THE CHIEF executive of taxpayer-owned Royal Bank of Scotland has confirmed that the organisation will continue to close branches and shed staff for the foreseeable future as it makes the transition to a more digitally focused bank.

RBS also confirmed that it is making headway on plans to shift some operations to Amsterdam as a contingency for continuing to serve European customers following the UK’s exit from the European Union.

Noting that the group has committed to taking out £2 billion of costs by the end of 2020, Ross McEwan said he would be “surprised if that doesn’t involve reductions in staff”.

“To get this bank back into good competitive shape and in terms of what is going on in the marketplace towards much more technology and less physical activity, we’ve seen 250 branches close because activity has been more focused on mobile and other digital channels,” Mr McEwan said. “We see that continuing as a trend in the next five years.”

He added that the change is being accelerated because “customers are looking to do things quite differently”, with the way people access bank services “changing dramatically”.

“That’s where a lot of our investment needs to go,” he said. “That doesn’t mean we won’t have a large branch network, just that it won’t be as large as it has been.”

The bank has established a technology and innovation committee to help lead its expansion into digital, with non-executive director Alison Frank as its chair. Fellow non-execs Frank Dangeard and Yasmin Jetha will also sit on the committee.

The knock-on impact of branch closures made a positive impact on the bank’s results for the first half of 2016, with a reduction in overall staff numbers of 14,200 shaving £288 million off costs.

That brought the total that the Royal Bank spent on staff during the first six months of this year down to just over £2bn for 75,000 people. It also reduced its spend on property by £217m.

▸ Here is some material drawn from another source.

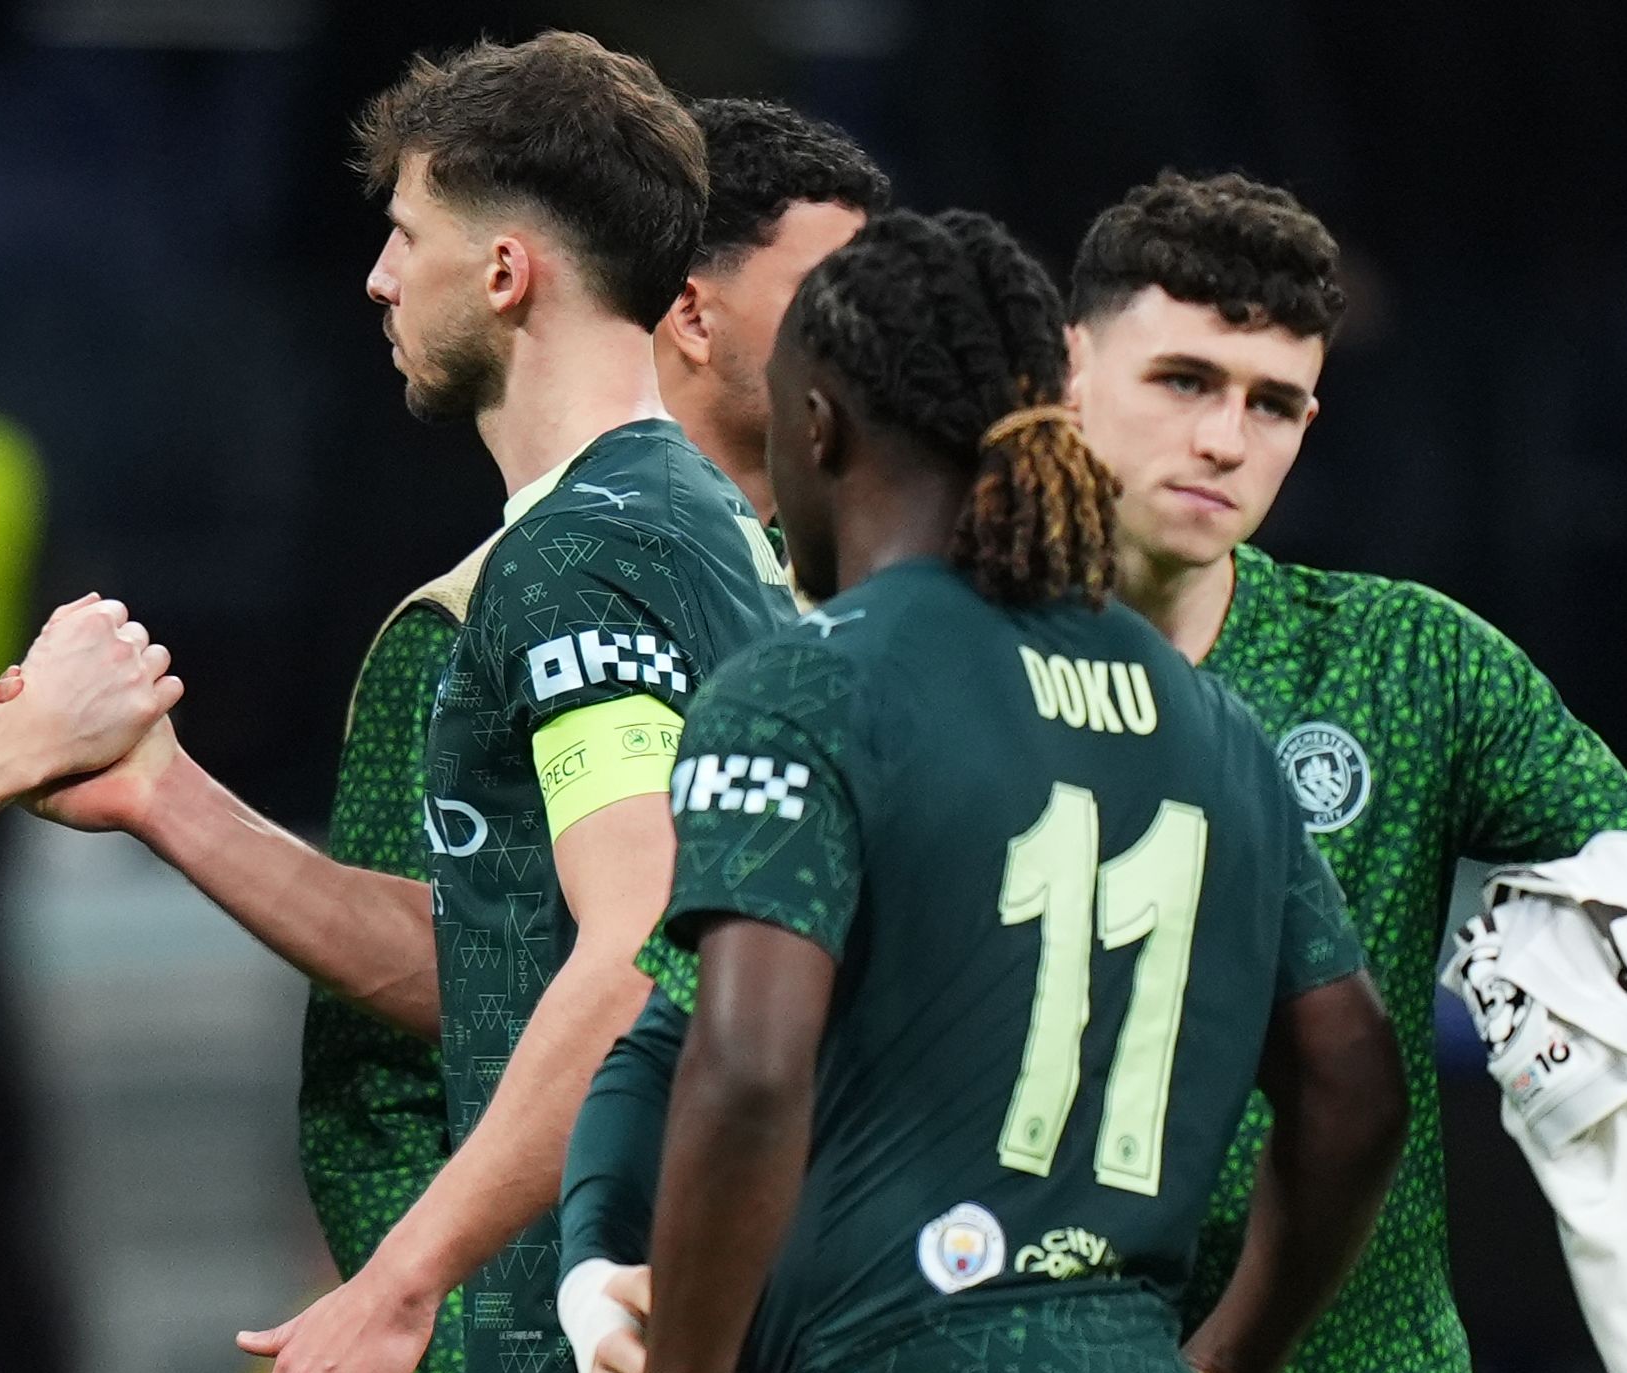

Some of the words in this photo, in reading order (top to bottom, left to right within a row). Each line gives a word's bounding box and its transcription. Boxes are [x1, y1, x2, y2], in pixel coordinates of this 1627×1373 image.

[528, 630, 688, 702] OKX
[1017, 645, 1158, 736] DOKU
[542, 748, 587, 800] SPECT
[997, 780, 1209, 1198] 11

This contributed to the bank achieving an attributable profit figure of £939m in the first half, up from a loss of £2bn in the same period last year.

While Mr McEwan warned that the bank could slip back into loss-making territory in the second half of the year, chairman Howard Davies said the board is “pretty pleased with the progress the management are making at returning the bank to sustainable profitability”.

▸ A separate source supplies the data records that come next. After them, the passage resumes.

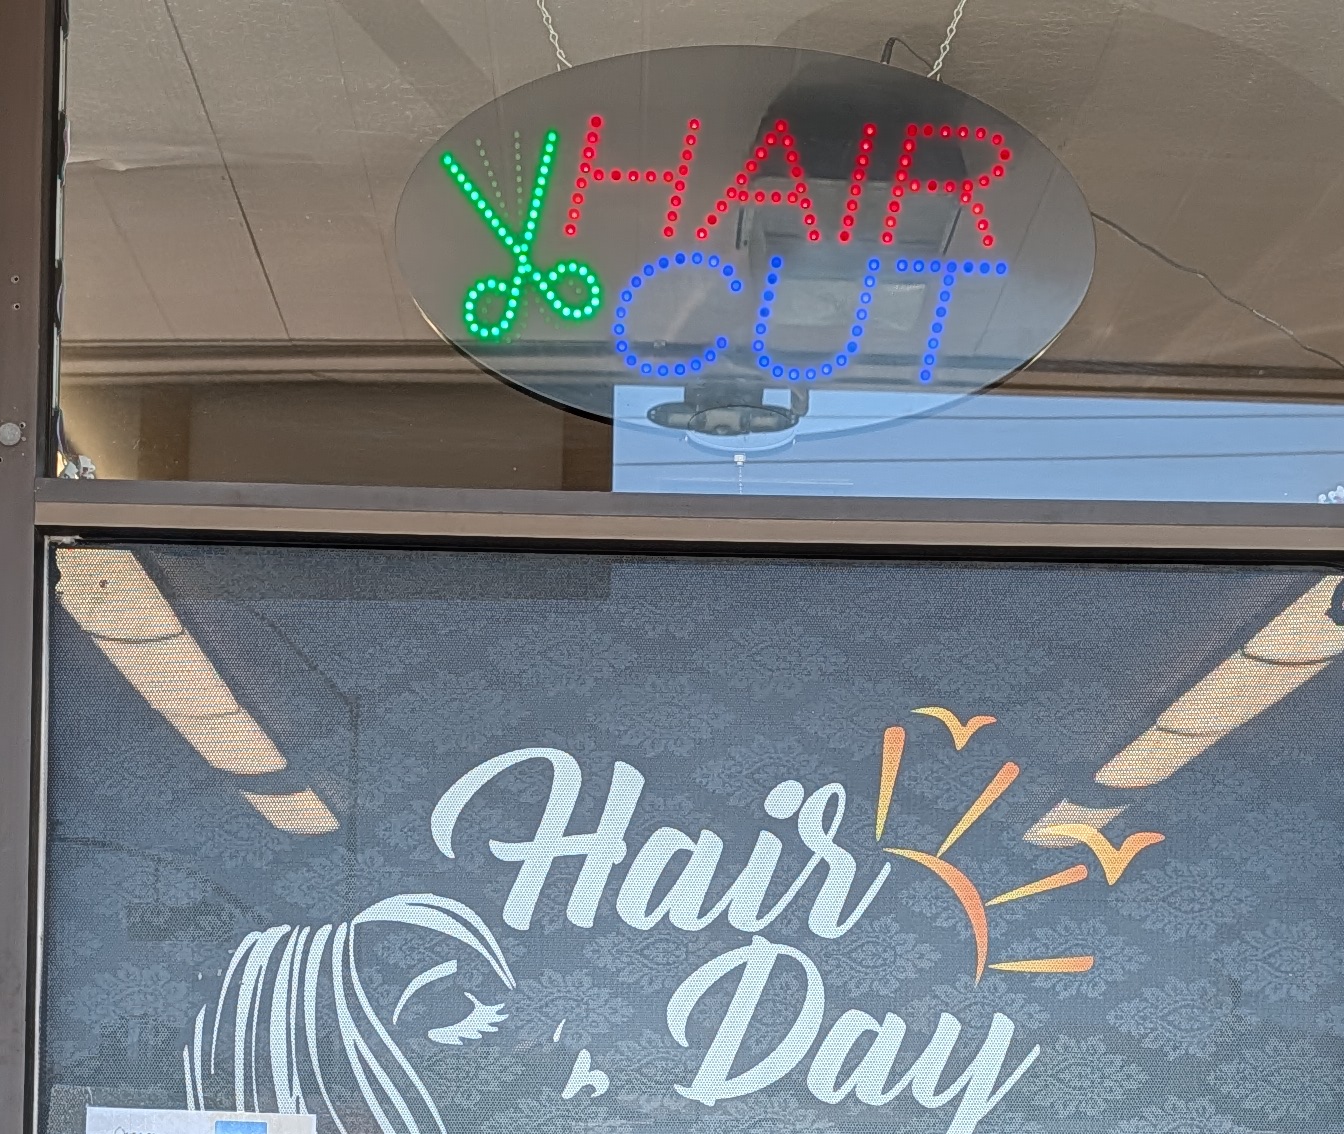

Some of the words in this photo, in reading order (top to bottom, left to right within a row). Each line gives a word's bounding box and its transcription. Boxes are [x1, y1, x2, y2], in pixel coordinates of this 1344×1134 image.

[564, 115, 1011, 248] HAIR
[613, 251, 1007, 382] CUT
[430, 746, 892, 940] Hair
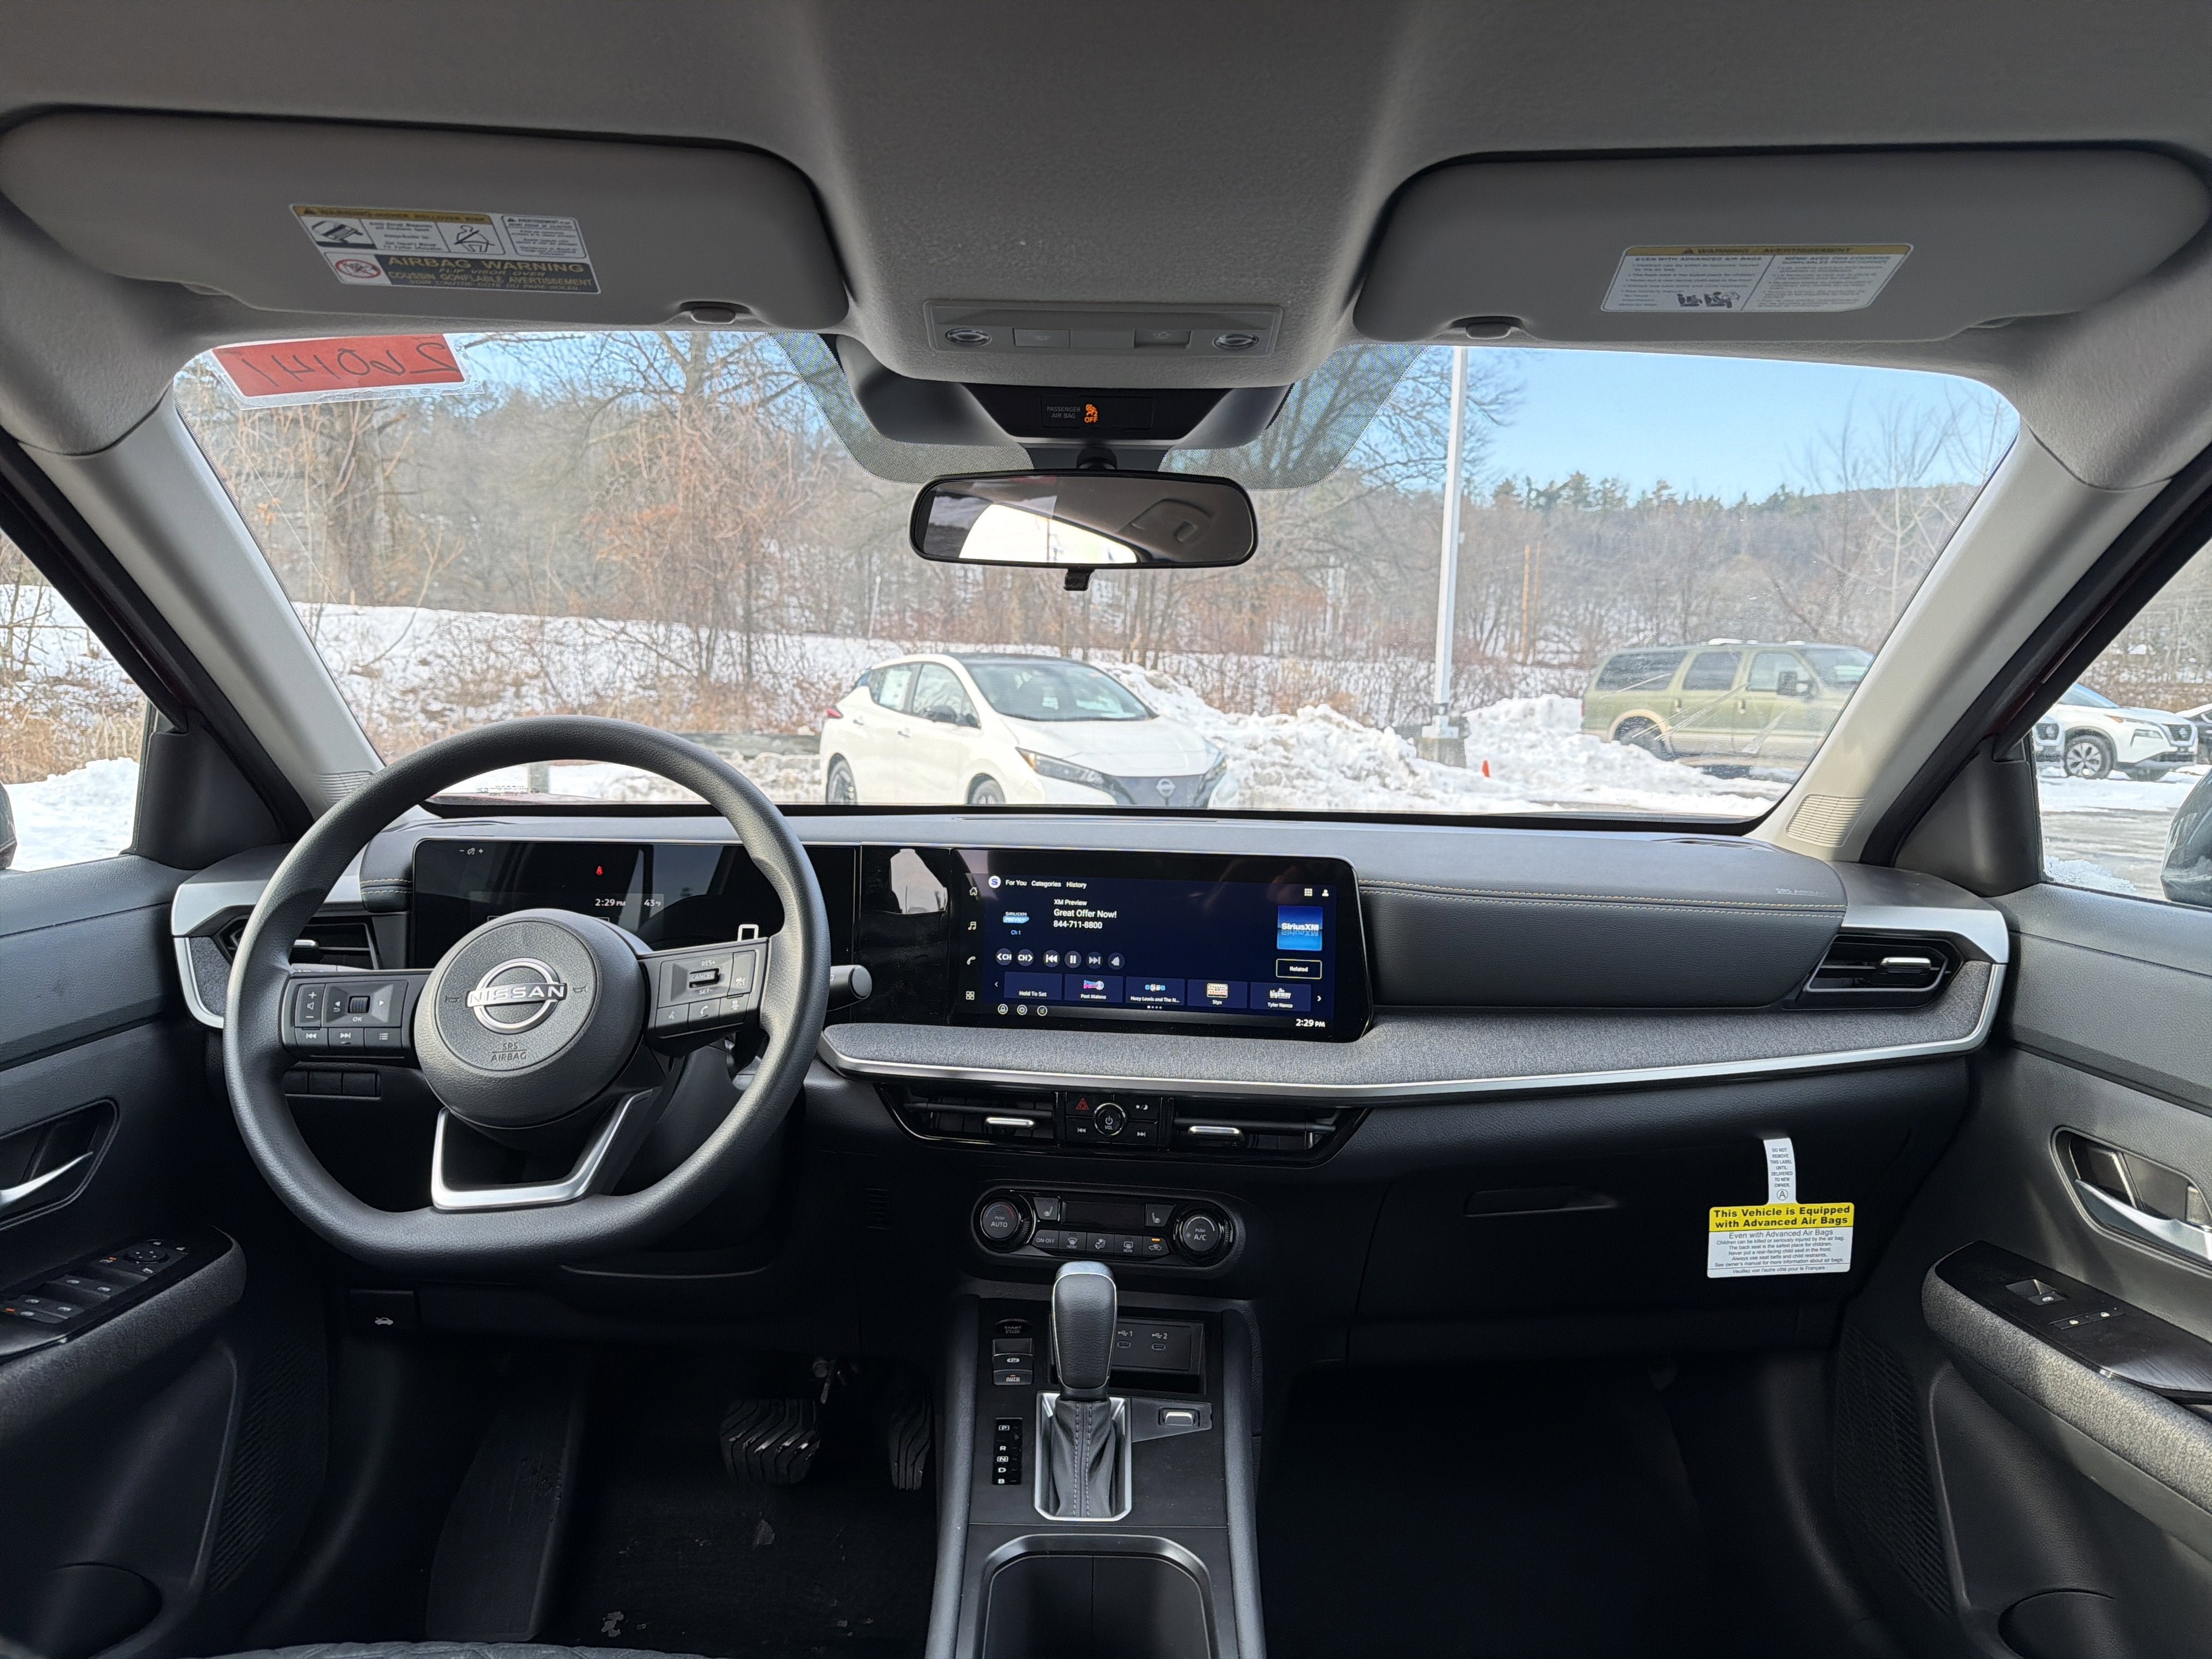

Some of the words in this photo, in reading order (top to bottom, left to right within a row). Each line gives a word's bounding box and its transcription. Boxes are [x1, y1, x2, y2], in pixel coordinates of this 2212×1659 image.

[388, 257, 471, 268] AIRBAG
[481, 260, 584, 273] WARNING
[441, 273, 504, 283] GONFLABLE
[509, 276, 592, 285] AVERTISSEMENT
[1031, 880, 1062, 888] Categories
[1053, 909, 1075, 917] Great
[1076, 909, 1096, 917] Offer
[1097, 910, 1118, 918] Now!
[1053, 920, 1103, 929] 844-711-8800
[1281, 923, 1319, 931] SiriusXM
[470, 986, 565, 1004] NISSAN
[1295, 1018, 1314, 1027] 2:29
[490, 1052, 527, 1063] AIRBAG
[1779, 1190, 1786, 1198] A
[1741, 1207, 1782, 1216] Vehicle
[1799, 1205, 1850, 1216] Equipped
[1716, 1220, 1739, 1228] with
[1743, 1217, 1797, 1227] Advanced
[1821, 1216, 1848, 1225] Bags

Accepting that the bank “still has some issues ahead, particularly with costs”, Mr Davies added that it has “made significant progress” on three of the four main problems that dogged it at the beginning of this year.

Specifically, he said it had agreed to settle a $5.5bn claim with America’s Federal Housing Finance Agency in relation to mortgage bonds sold to Fannie Mae and Freddie Mac between 2005 and 2007 in addition to settling all but one outstanding claim related to its 2008 rights issue.

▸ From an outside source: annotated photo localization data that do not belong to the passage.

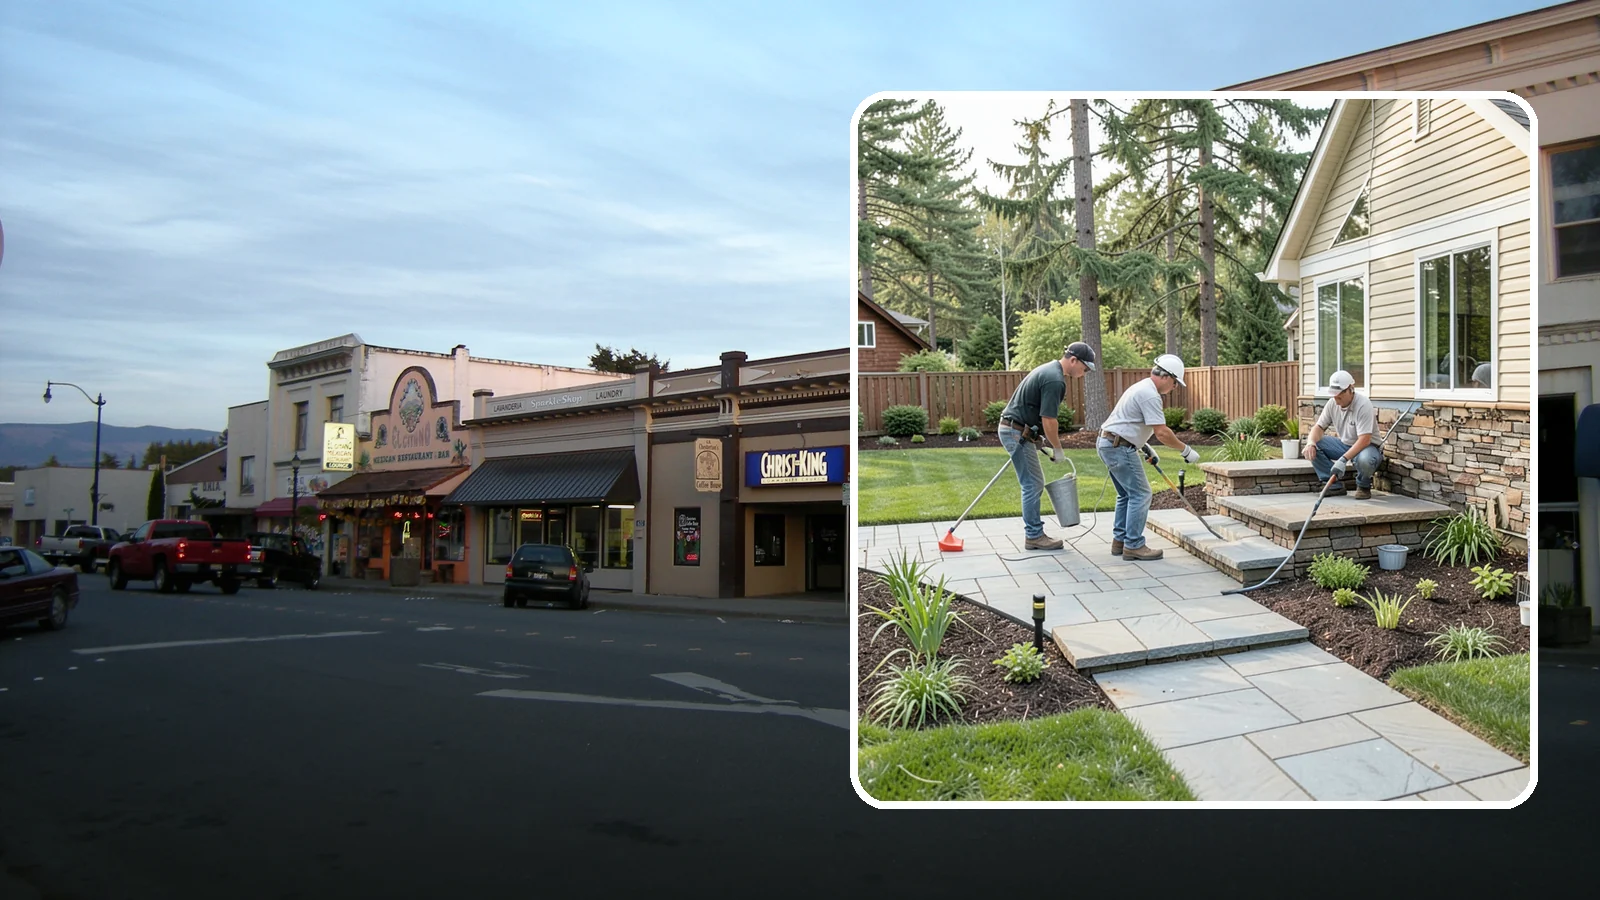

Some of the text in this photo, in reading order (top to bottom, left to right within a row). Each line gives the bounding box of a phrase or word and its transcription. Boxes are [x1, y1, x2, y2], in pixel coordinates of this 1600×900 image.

[561, 394, 583, 404] Shop
[595, 389, 623, 400] LAUNDRY
[493, 402, 522, 412] LAVANDERIA
[374, 454, 396, 464] MEXICAN
[397, 451, 433, 462] RESTAURANT
[437, 450, 450, 459] BAR
[761, 449, 827, 478] CHRIST KING

The bank spent a total of £396m on litigation and conduct costs in the first half of the year, £151m of which related to the FHFA settlement while £25m was associated with the rights issue litigation.

Mr Davies added that while the bank’s plan to hold on to its Williams and Glyn arm is yet to receive final sign off from the European Commission’s College of Commissioners, that is “just a legal formality” because the move has already been okayed by competition authorities.

He said that means the US Department of Justice’s ongoing investigation into Royal Bank over its sale of residential-mortgage backed securities is the only one of the four legacy issues “that have hung over the bank for far too long” to remain.

“We continue to hope to resolve that this year if possible, but there is no progress on that to report,” Mr Davies said.

Royal Bank, which was bailed out by the UK Government in 2008, remains three-quarters owned by the state.